Upon the execution and delivery of this Fifth Amendment by all of the
parties hereto and the satisfaction of the conditions set forth in section
3 below, all references to the Credit Agreement set forth in the Loan
Documents shall mean the Credit Agreement as amended by this Fifth Amendment
to Credit Agreement.
2. Amendments.
(a) The defined term "Adjusted Funded Debt to EBITDA
Ratio" in Section 1.01 of the Credit Agreement is amended to read as
follows:
"Adjusted Funded Debt to EBITDA Ratio" means the
relationship, expressed as a numerical ratio, between:
(a) Adjusted Funded Debt; and
(b) EBITDA
Adjusted Funded Debt of the Company and its consolidated
Subsidiaries shall be determined based upon consolidated
financial statements of the Company and its consolidated
Subsidiaries as of the last day of the fiscal quarter.
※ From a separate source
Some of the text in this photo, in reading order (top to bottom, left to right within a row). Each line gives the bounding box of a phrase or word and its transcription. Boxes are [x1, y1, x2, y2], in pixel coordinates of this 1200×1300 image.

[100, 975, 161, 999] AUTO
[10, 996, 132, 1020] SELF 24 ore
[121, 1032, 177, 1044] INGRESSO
Solely
for purposes of determining the Adjusted Funded Debt to EBITDA
Ratio, EBITDA shall (a) for the fiscal quarter ending
September 30, 2000, equal EBITDA of the Company and its
consolidated Subsidiaries for such fiscal quarter multiplied by
4, (b) for the fiscal quarter ending December 31, 2000, equal
EBITDA of the Company and its consolidated Subsidiaries for the
six-month period ending on such date multiplied by 2, (c) for
the fiscal quarter ending March 31, 2001, equal EBITDA of the
Company and its consolidated Subsidiaries for the nine-month
period ending on such date multiplied by 1.33 and (d)
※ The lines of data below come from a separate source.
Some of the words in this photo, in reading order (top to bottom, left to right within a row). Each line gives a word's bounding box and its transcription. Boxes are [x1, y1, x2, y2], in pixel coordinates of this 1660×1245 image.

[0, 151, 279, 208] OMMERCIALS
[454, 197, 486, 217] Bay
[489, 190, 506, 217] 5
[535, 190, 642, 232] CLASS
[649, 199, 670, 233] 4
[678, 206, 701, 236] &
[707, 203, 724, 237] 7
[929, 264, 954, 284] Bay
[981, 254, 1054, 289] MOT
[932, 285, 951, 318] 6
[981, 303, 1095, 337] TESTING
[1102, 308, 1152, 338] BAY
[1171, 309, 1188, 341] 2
thereafter, shall equal EBITDA of the Company and its
consolidated Subsidiaries for the 12-month period ending on the
date of determination.
(b) The defined term "Applicable Margin" in Section 1.01
of the Credit Agreement is amended to read as follows:
"Applicable Margin" means, at all times on and after March 1,
2000:
(i) with respect to Base Rate Loans, 0.80%; and
(ii) with respect to LIBOR Rate Loans, 3.50%;
provided, however, that the Applicable Margin shall be subject to
adjustment on the date which is 45 days after the end of each fiscal
quarter, commencing with the fiscal quarter ending June 30, 2000 (each
a "Margin Adjustment Date") and the Applicable Margin shall be
determined in accordance with the following matrix:
Ratio of Adjusted
Funded Debt to Base Rate Loan LIBOR Rate Loan
EBITDA Applicable Margin Applicable Margin
Less than 2.75:1.0 0.00% 1.50%
2.75:1.0 to 3.24:1.0 0.00% 1.75%
3.25:1.0 to 3.49:1.0 0.00% 2.00%
3.50:1.0 to 3.99:1.0 0.50% 2.25%
4.00:1.0 to 4.49:1.0 0.50% 2.50%
4.50:1.0 to 4.99:1.0 0.50% 2.75%
5.00:1.0 to 5.49:1.0 0.60% 3.00%
5.50:1.0 to 5.99:1.0 0.70% 3.25%
6.00:1.0 or greater 0.80% 3.50%
Adjusted Funded Debt and EBITDA of the Company and its consolidated
Subsidiaries shall be determined in the same manner as set forth in
the defined term "Adjusted Funded Debt to EBITDA Ratio". Any change
in the Applicable Margin shall be effective on the Margin Adjustment
Date and will apply to all Loans outstanding as of such date.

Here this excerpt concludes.